[WHAT YOU HAVE TO DO] Below are some records: retype them all exactly, but not the pictures.

[RAW DATA]

►

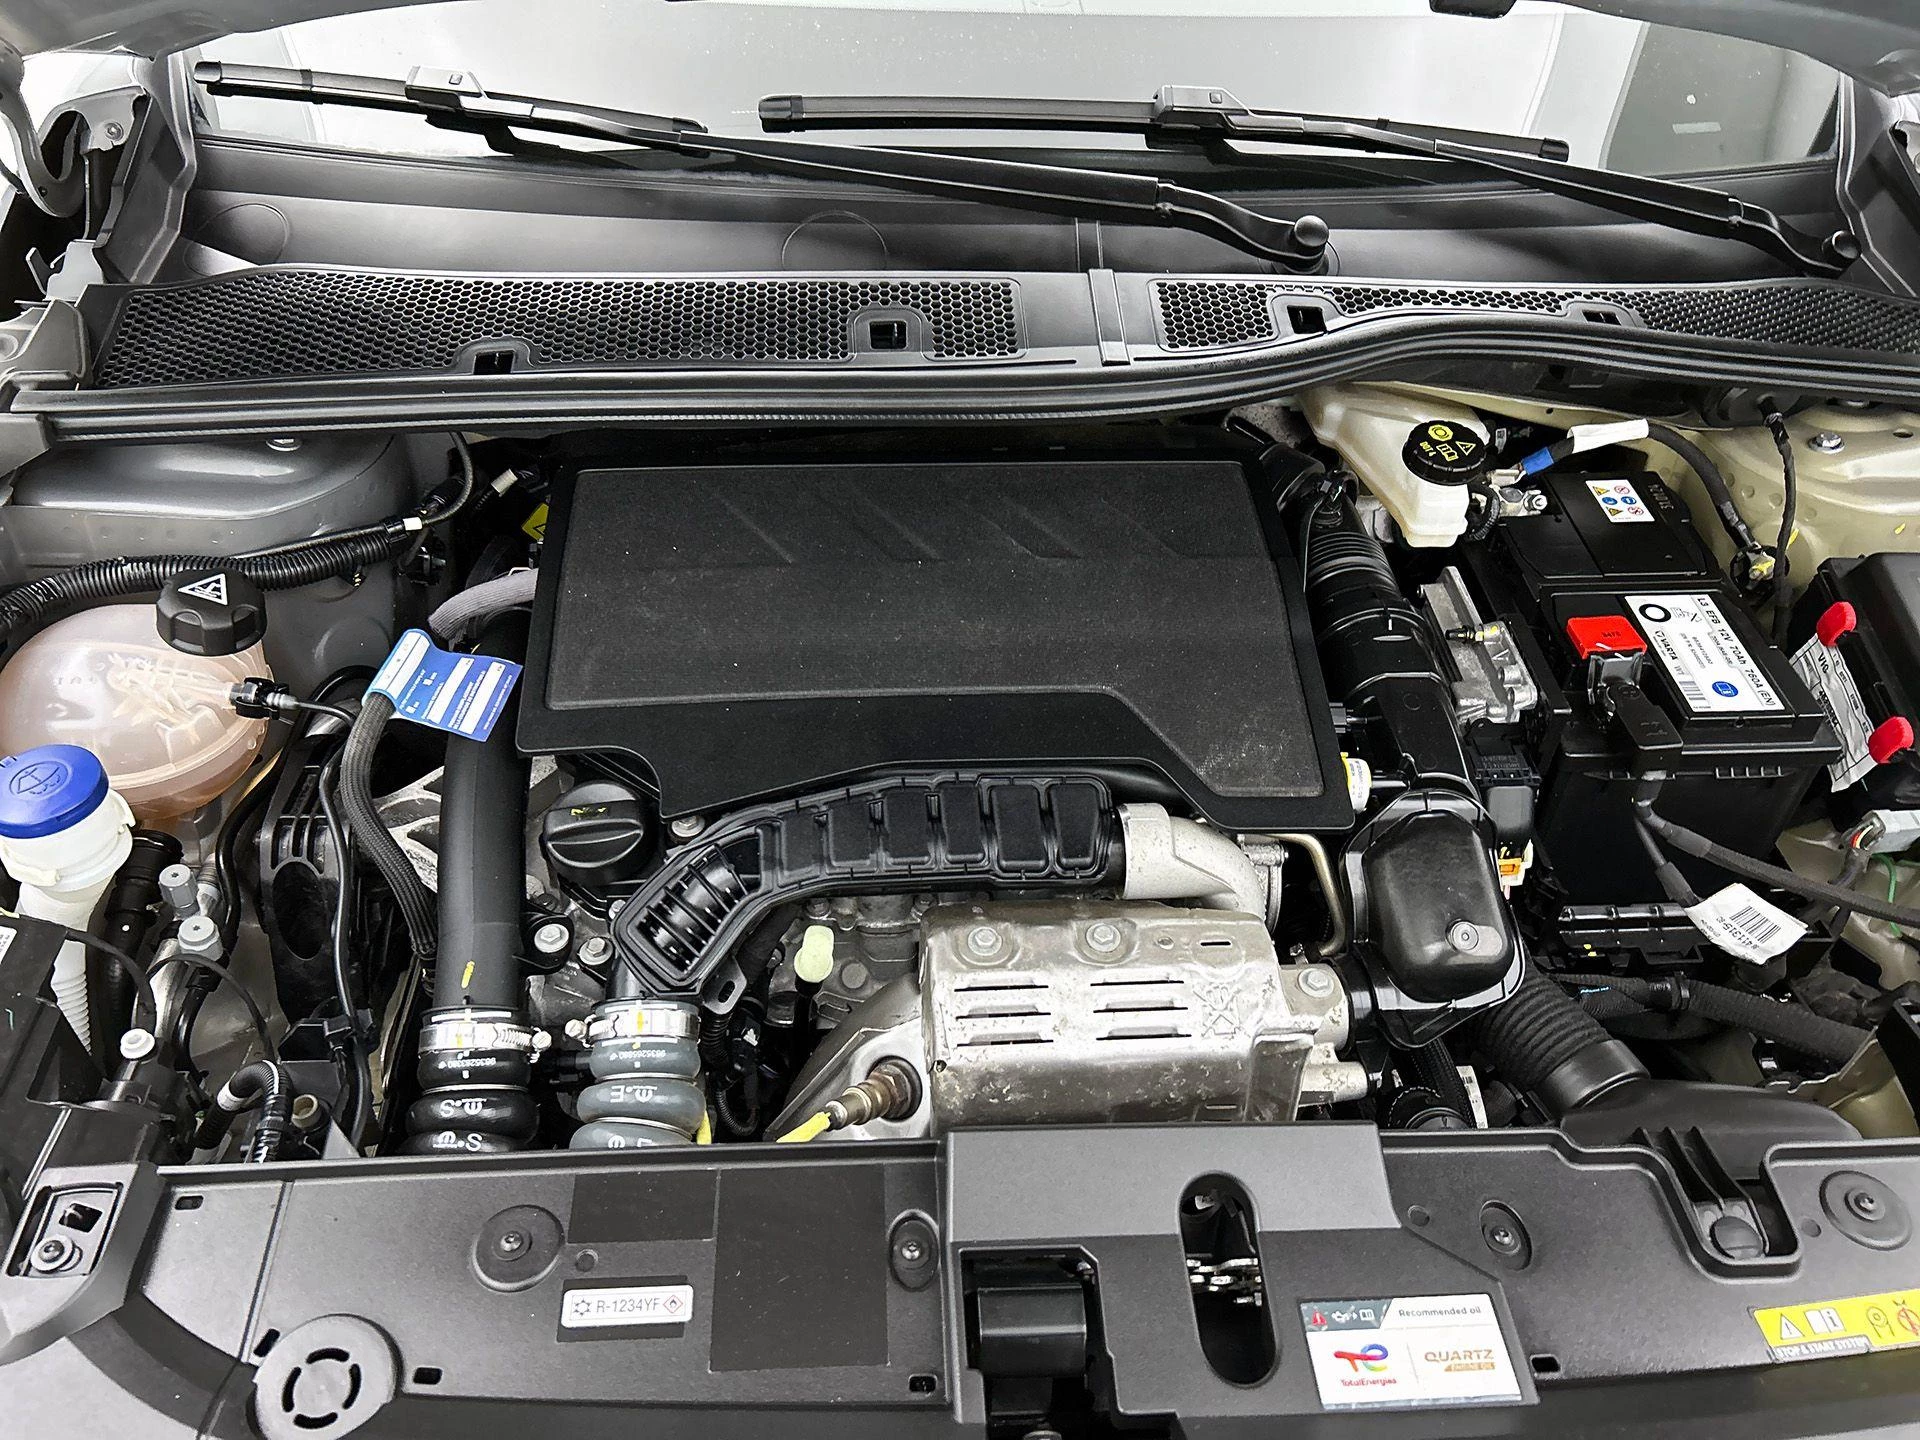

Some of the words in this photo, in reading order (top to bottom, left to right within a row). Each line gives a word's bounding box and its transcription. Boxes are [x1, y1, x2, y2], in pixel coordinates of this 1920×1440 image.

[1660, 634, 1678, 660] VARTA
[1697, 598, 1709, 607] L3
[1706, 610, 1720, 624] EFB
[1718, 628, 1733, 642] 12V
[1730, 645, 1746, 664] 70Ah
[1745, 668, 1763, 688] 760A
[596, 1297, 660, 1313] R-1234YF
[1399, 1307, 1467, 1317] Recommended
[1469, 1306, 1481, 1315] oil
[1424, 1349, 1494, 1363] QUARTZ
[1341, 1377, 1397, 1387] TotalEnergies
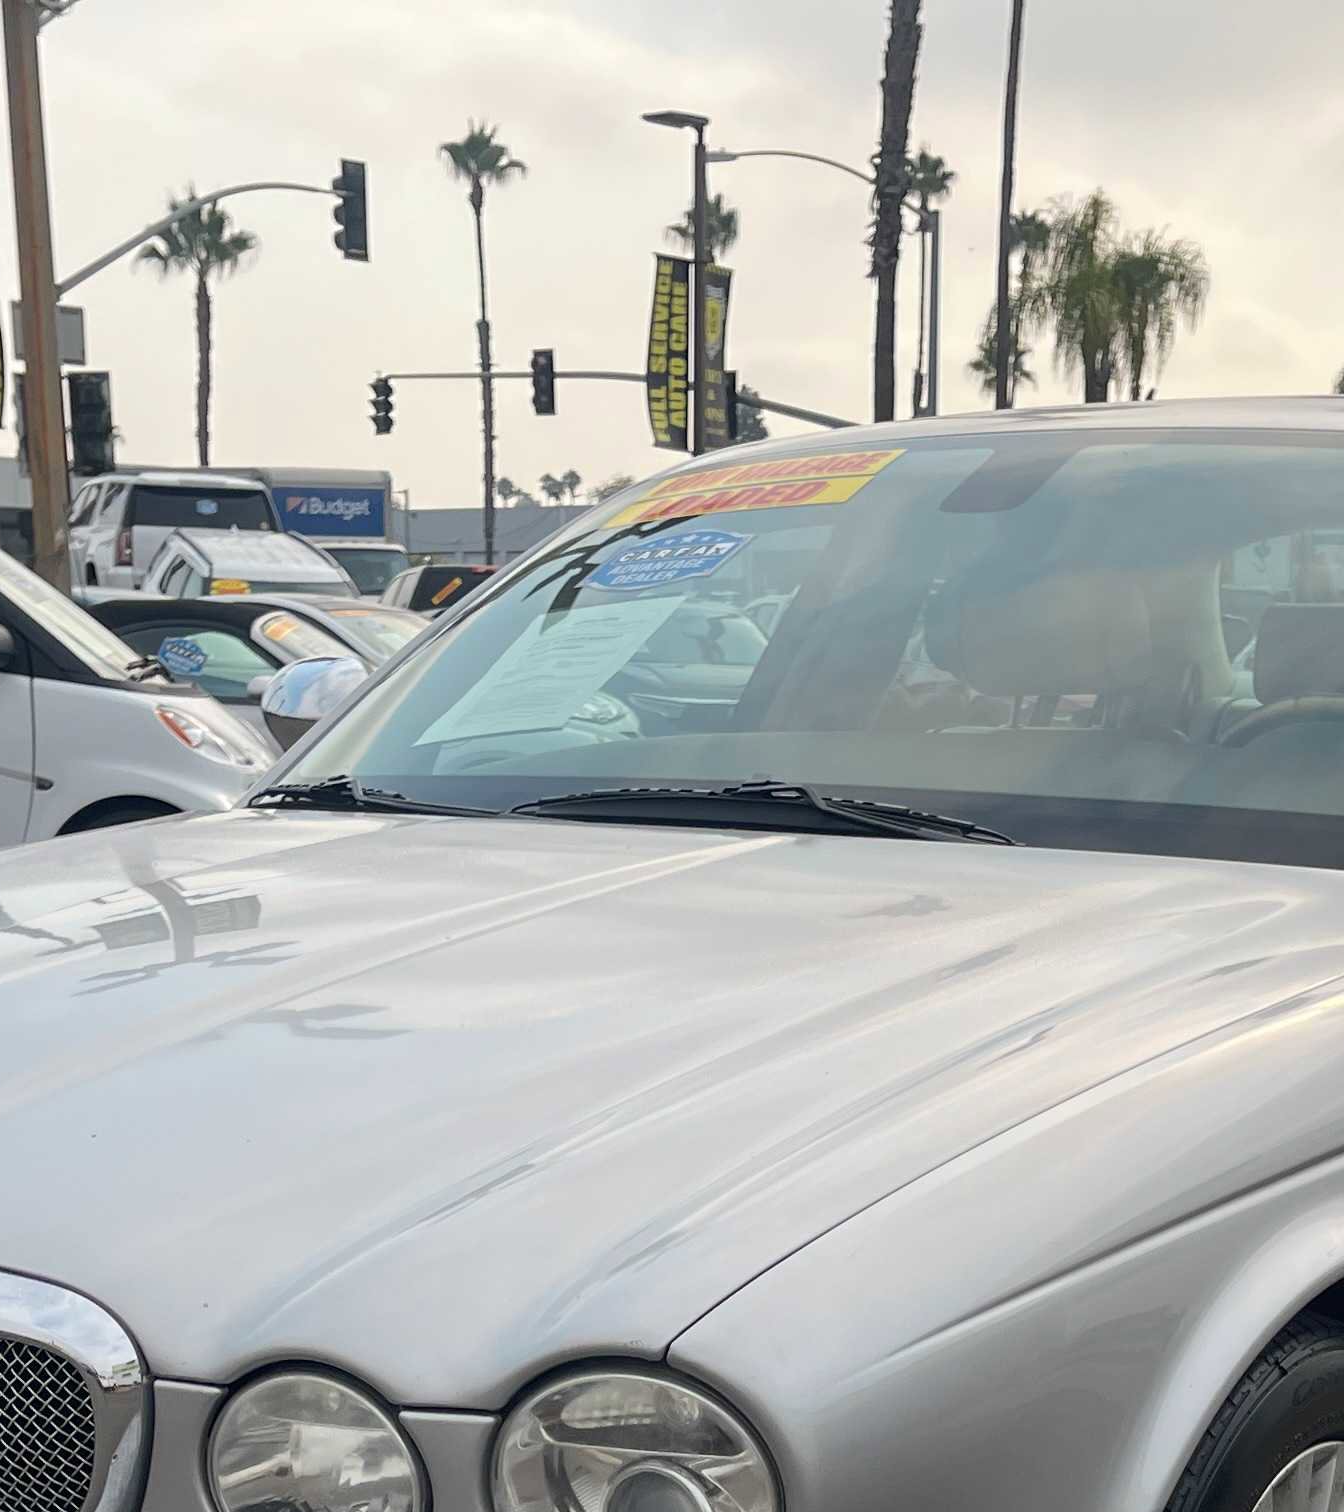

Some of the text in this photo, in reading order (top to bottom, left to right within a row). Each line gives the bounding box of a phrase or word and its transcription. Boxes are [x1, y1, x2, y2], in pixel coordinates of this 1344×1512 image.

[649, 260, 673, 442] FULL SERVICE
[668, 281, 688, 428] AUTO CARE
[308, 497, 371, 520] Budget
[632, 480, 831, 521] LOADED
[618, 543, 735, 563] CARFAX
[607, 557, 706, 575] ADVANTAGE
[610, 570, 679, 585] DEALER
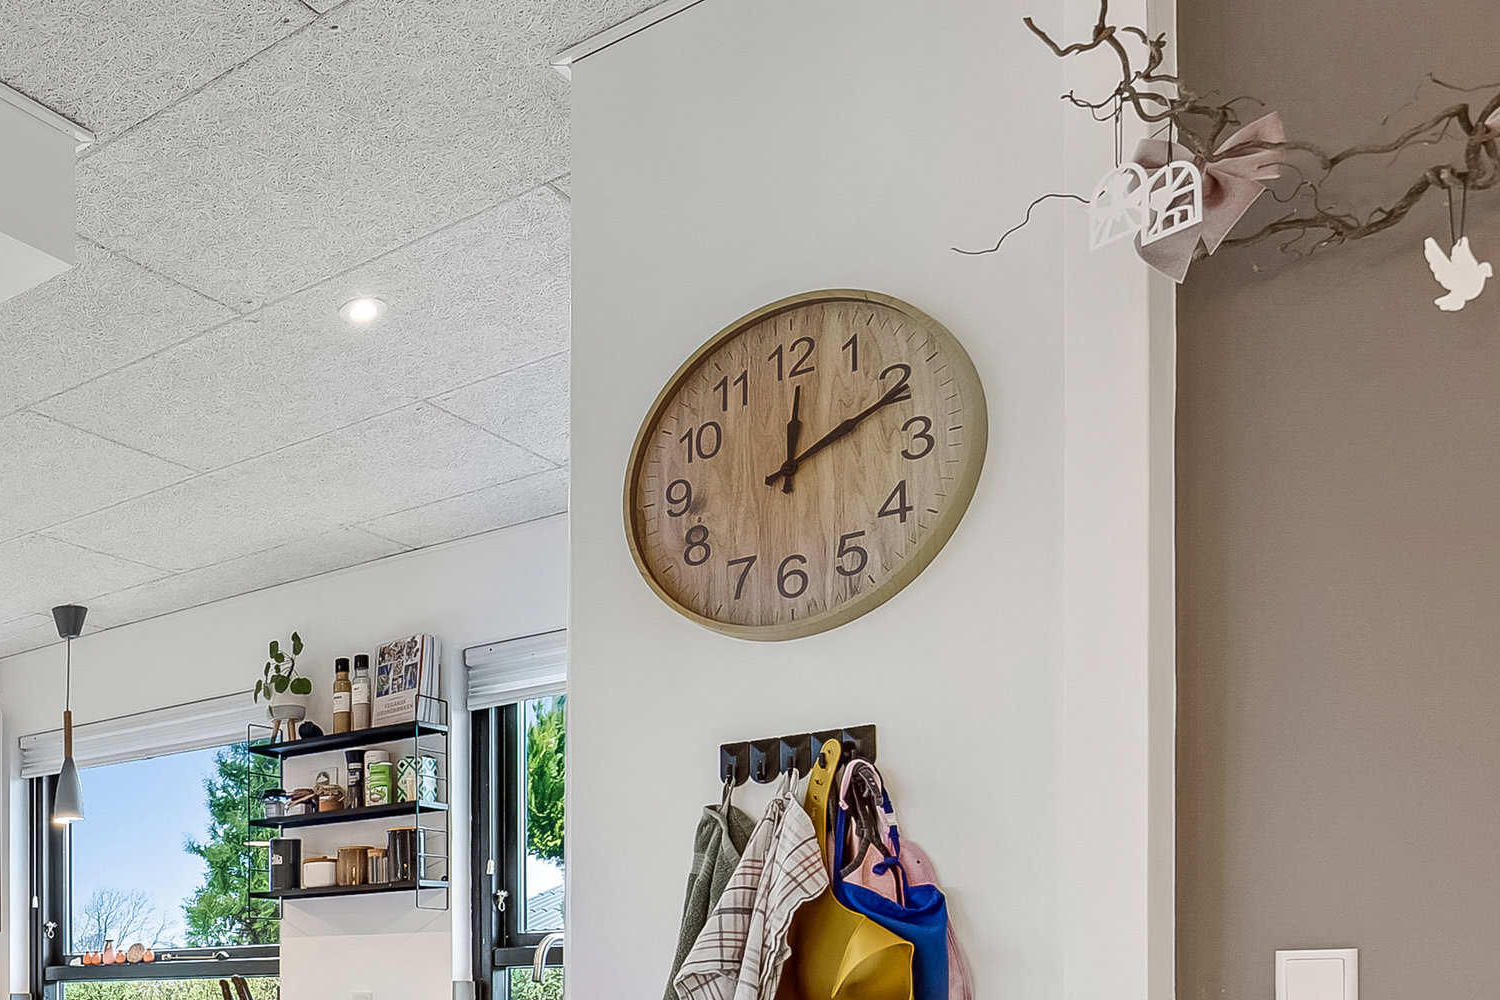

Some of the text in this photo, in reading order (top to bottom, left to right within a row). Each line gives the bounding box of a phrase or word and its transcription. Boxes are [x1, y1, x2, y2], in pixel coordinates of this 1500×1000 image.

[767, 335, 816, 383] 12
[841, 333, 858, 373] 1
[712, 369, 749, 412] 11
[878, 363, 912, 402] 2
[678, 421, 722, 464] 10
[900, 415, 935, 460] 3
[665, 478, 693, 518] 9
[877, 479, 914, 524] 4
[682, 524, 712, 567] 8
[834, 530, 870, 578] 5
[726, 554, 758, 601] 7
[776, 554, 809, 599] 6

◄

[TASK RESPONSE]
Some of the words in this photo, in reading order (top to bottom, left to right within a row). Each line gives a word's bounding box and its transcription. Boxes are [x1, y1, x2, y2], in pixel coordinates of this 1920×1440 image.

[1660, 634, 1678, 660] VARTA
[1697, 598, 1709, 607] L3
[1706, 610, 1720, 624] EFB
[1718, 628, 1733, 642] 12V
[1730, 645, 1746, 664] 70Ah
[1745, 668, 1763, 688] 760A
[596, 1297, 660, 1313] R-1234YF
[1399, 1307, 1467, 1317] Recommended
[1469, 1306, 1481, 1315] oil
[1424, 1349, 1494, 1363] QUARTZ
[1341, 1377, 1397, 1387] TotalEnergies

Some of the text in this photo, in reading order (top to bottom, left to right within a row). Each line gives the bounding box of a phrase or word and its transcription. Boxes are [x1, y1, x2, y2], in pixel coordinates of this 1344×1512 image.

[649, 260, 673, 442] FULL SERVICE
[668, 281, 688, 428] AUTO CARE
[308, 497, 371, 520] Budget
[632, 480, 831, 521] LOADED
[618, 543, 735, 563] CARFAX
[607, 557, 706, 575] ADVANTAGE
[610, 570, 679, 585] DEALER

Some of the text in this photo, in reading order (top to bottom, left to right within a row). Each line gives the bounding box of a phrase or word and its transcription. Boxes are [x1, y1, x2, y2], in pixel coordinates of this 1500×1000 image.

[767, 335, 816, 383] 12
[841, 333, 858, 373] 1
[712, 369, 749, 412] 11
[878, 363, 912, 402] 2
[678, 421, 722, 464] 10
[900, 415, 935, 460] 3
[665, 478, 693, 518] 9
[877, 479, 914, 524] 4
[682, 524, 712, 567] 8
[834, 530, 870, 578] 5
[726, 554, 758, 601] 7
[776, 554, 809, 599] 6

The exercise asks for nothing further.